### WORK TO BE COMPLETED
Please reproduce the full set of data below exactly.

### EXERCISE INPUT
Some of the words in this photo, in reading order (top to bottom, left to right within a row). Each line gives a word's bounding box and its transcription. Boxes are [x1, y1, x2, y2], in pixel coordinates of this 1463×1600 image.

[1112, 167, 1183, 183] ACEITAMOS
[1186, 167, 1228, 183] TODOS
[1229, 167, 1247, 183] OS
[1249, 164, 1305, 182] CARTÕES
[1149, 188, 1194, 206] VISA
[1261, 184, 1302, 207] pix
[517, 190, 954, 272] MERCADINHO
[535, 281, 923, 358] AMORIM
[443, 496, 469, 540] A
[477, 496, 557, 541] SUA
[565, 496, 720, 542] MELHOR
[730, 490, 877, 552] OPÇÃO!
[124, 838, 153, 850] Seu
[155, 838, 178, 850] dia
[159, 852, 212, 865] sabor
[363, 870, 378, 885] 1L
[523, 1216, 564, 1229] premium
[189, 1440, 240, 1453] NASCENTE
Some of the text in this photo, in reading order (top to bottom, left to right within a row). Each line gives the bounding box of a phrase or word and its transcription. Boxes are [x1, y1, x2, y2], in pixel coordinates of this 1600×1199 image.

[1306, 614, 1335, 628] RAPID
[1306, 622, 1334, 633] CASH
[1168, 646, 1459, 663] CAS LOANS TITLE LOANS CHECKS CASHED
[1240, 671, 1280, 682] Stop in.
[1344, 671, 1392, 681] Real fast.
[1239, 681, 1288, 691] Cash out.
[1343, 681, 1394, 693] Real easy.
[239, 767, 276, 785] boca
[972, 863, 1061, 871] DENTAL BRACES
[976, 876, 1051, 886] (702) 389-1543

### SOLUTION FOR THIS TASK
Some of the words in this photo, in reading order (top to bottom, left to right within a row). Each line gives a word's bounding box and its transcription. Boxes are [x1, y1, x2, y2], in pixel coordinates of this 1463×1600 image.

[1112, 167, 1183, 183] ACEITAMOS
[1186, 167, 1228, 183] TODOS
[1229, 167, 1247, 183] OS
[1249, 164, 1305, 182] CARTÕES
[1149, 188, 1194, 206] VISA
[1261, 184, 1302, 207] pix
[517, 190, 954, 272] MERCADINHO
[535, 281, 923, 358] AMORIM
[443, 496, 469, 540] A
[477, 496, 557, 541] SUA
[565, 496, 720, 542] MELHOR
[730, 490, 877, 552] OPÇÃO!
[124, 838, 153, 850] Seu
[155, 838, 178, 850] dia
[159, 852, 212, 865] sabor
[363, 870, 378, 885] 1L
[523, 1216, 564, 1229] premium
[189, 1440, 240, 1453] NASCENTE
Some of the text in this photo, in reading order (top to bottom, left to right within a row). Each line gives the bounding box of a phrase or word and its transcription. Boxes are [x1, y1, x2, y2], in pixel coordinates of this 1600×1199 image.

[1306, 614, 1335, 628] RAPID
[1306, 622, 1334, 633] CASH
[1168, 646, 1459, 663] CAS LOANS TITLE LOANS CHECKS CASHED
[1240, 671, 1280, 682] Stop in.
[1344, 671, 1392, 681] Real fast.
[1239, 681, 1288, 691] Cash out.
[1343, 681, 1394, 693] Real easy.
[239, 767, 276, 785] boca
[972, 863, 1061, 871] DENTAL BRACES
[976, 876, 1051, 886] (702) 389-1543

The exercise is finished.